I'm grateful for the NCI, some foundations, and some companies for funding it. Carl had a very difficult time getting NIH funding initially for his work. People just thought it was crazy type stuff, but as they got more and more information and he convinced people, there's many more people in field now.
First Report Managed Care: Finally, overall, is there anything else you'd like to add about your future research, CAR T therapy or just solid tumor treatment in general?

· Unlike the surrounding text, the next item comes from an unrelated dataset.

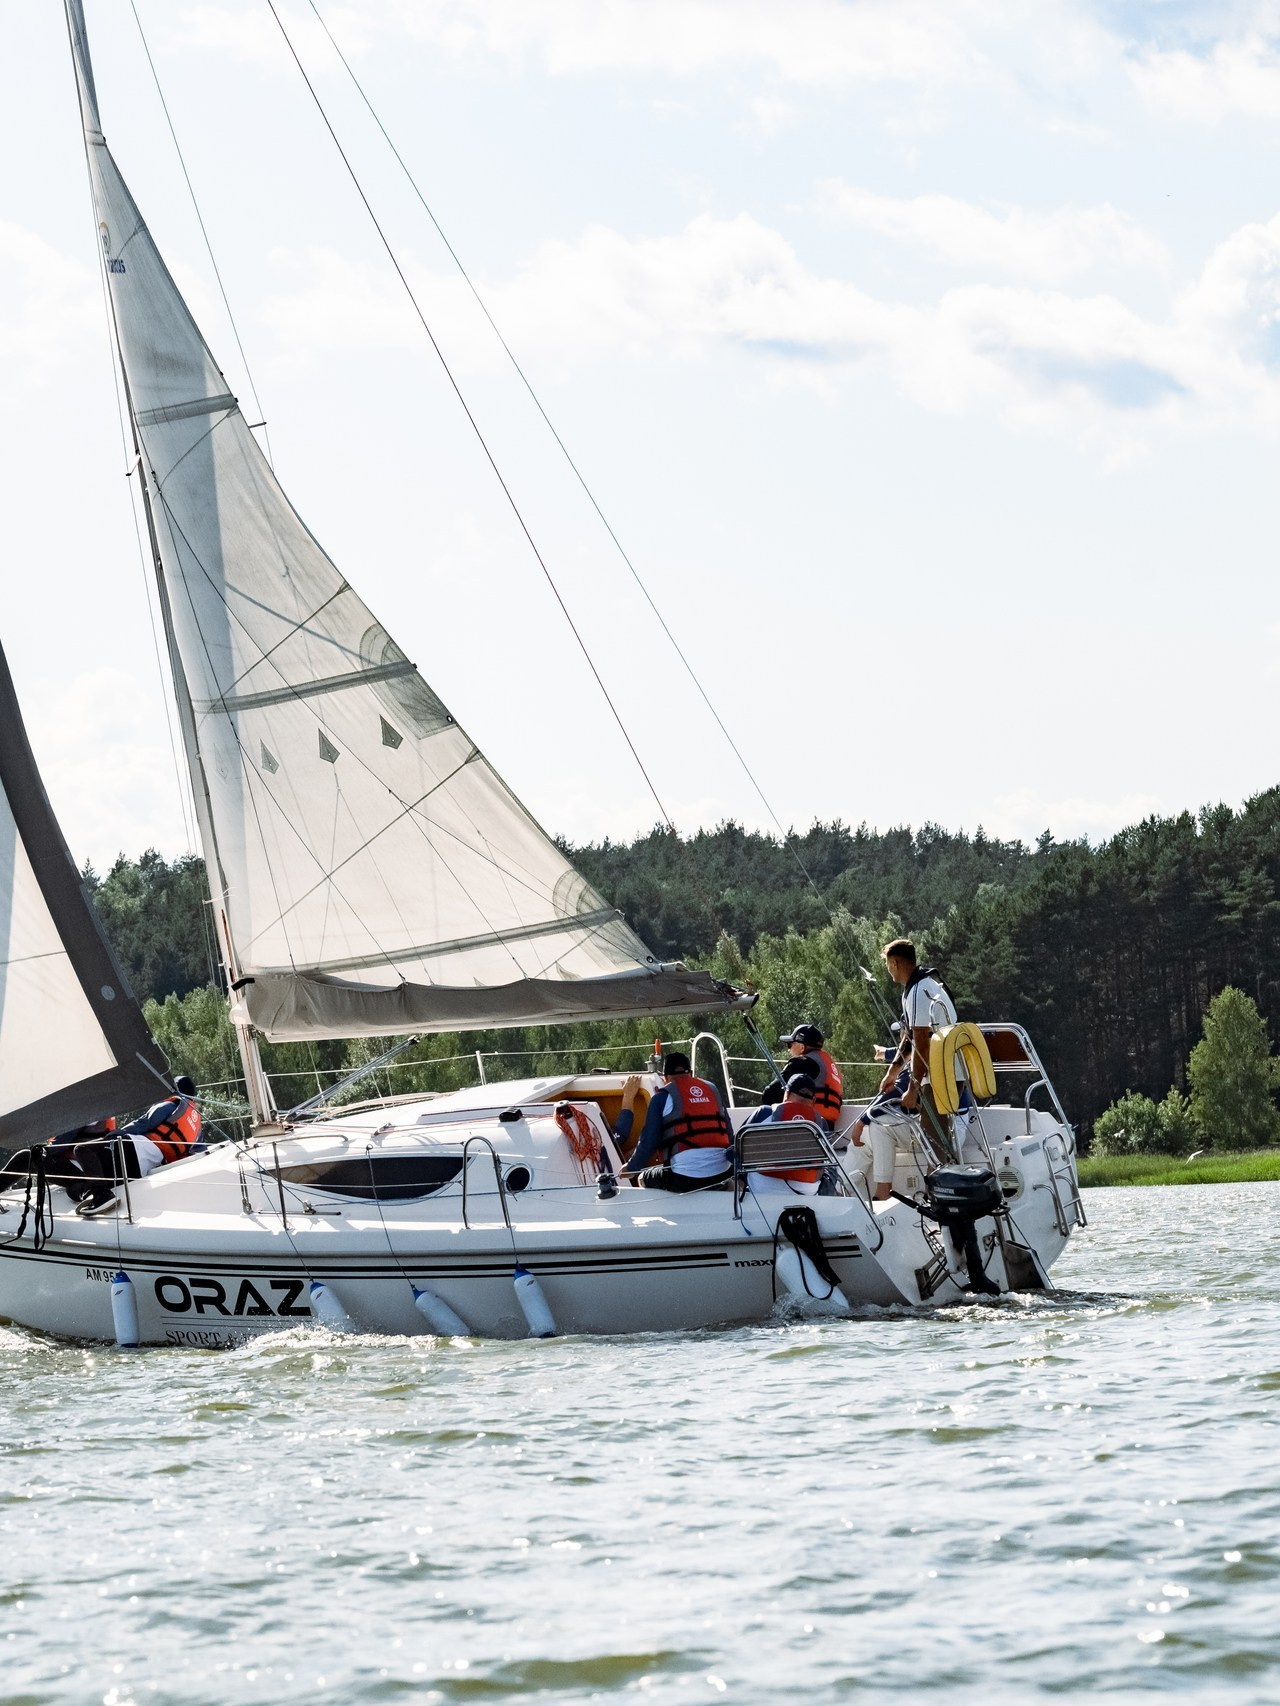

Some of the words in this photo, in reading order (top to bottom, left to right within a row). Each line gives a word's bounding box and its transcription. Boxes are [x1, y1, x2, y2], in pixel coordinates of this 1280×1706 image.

[86, 1268, 102, 1282] AM
[154, 1275, 312, 1317] ORAZ
[165, 1330, 222, 1345] SPORT
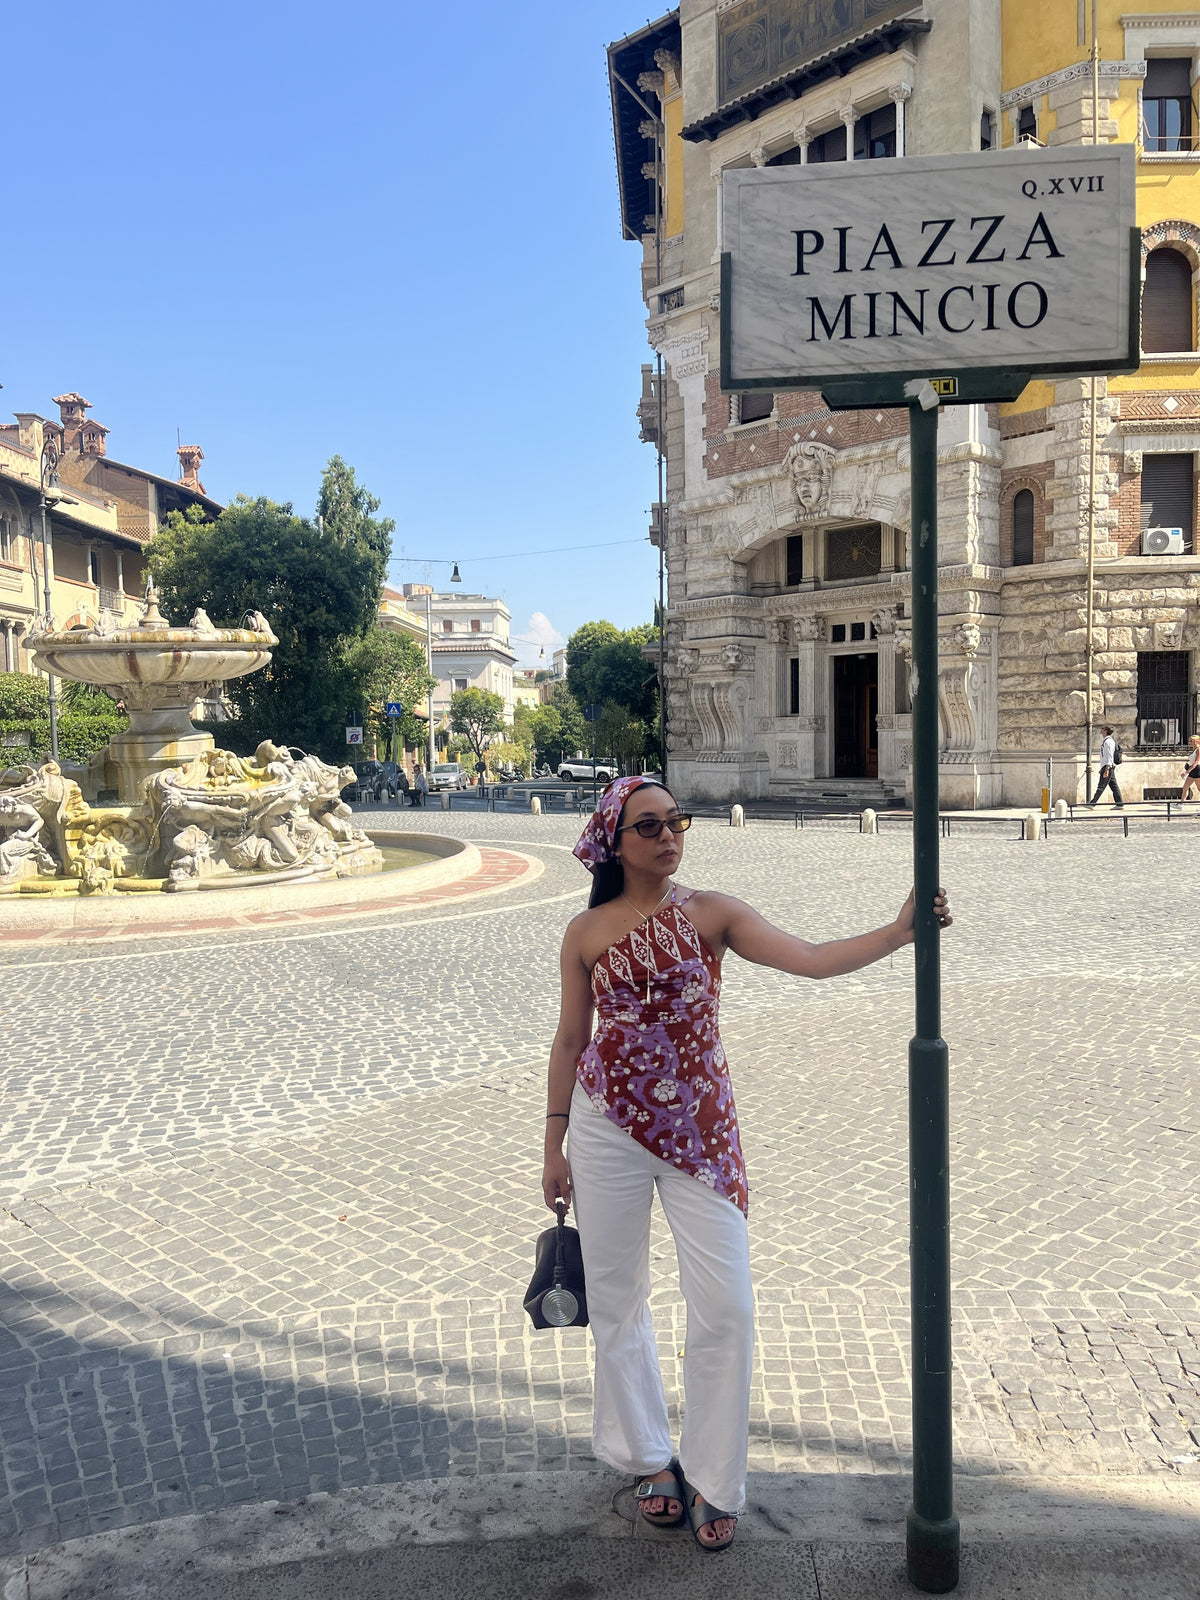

Dr Albelda: I think I've mixed that in pretty much with what we've talked about. As I said, it's been daunting so far, but people are chipping away at it. I hope we'll be able to make that kind of a breakthrough.
One of the things people are thinking about in the future is trying to develop more off-the-shelf type of cells that wouldn't have to be individually made for each person. If you can imagine, it's a very time-consuming and expensive process to do this.
The patient has to come in, they have to be screened to see if they have the target. They have to agree that they want to do this. They have to come in and have their blood, not just a blood tube, but they have to get a lot of blood taken out in a special machine. Commercially now, it has to be sent, for example in Nevada, it has to be sent to New Jersey.
They have to have the virus. They have to make the T-cells. They have to do quality control. It has to be shipped to the hospital. The patient has to come back in, and that can take weeks, come into the hospital.
They're given drugs to lower their own lymphocytes so that the T-cells have a better chance to grow. They're infused, and then there are side effects after that. It's very time-consuming and very expensive.
One of the goals of the field is to try to see if we could figure out ways to make cells that we could give to everybody, so it's a more off-the-shelf type of approach. I know Carl's team has really been working on that in terms of the blood tumors where they already have some success.
Our lab is working on that also, finding a cell line rather than an individual person's own T-cells, where we could make multiple changes and potentially give multiple does of the drug, which I think might certainly be less expensive and maybe more efficacious.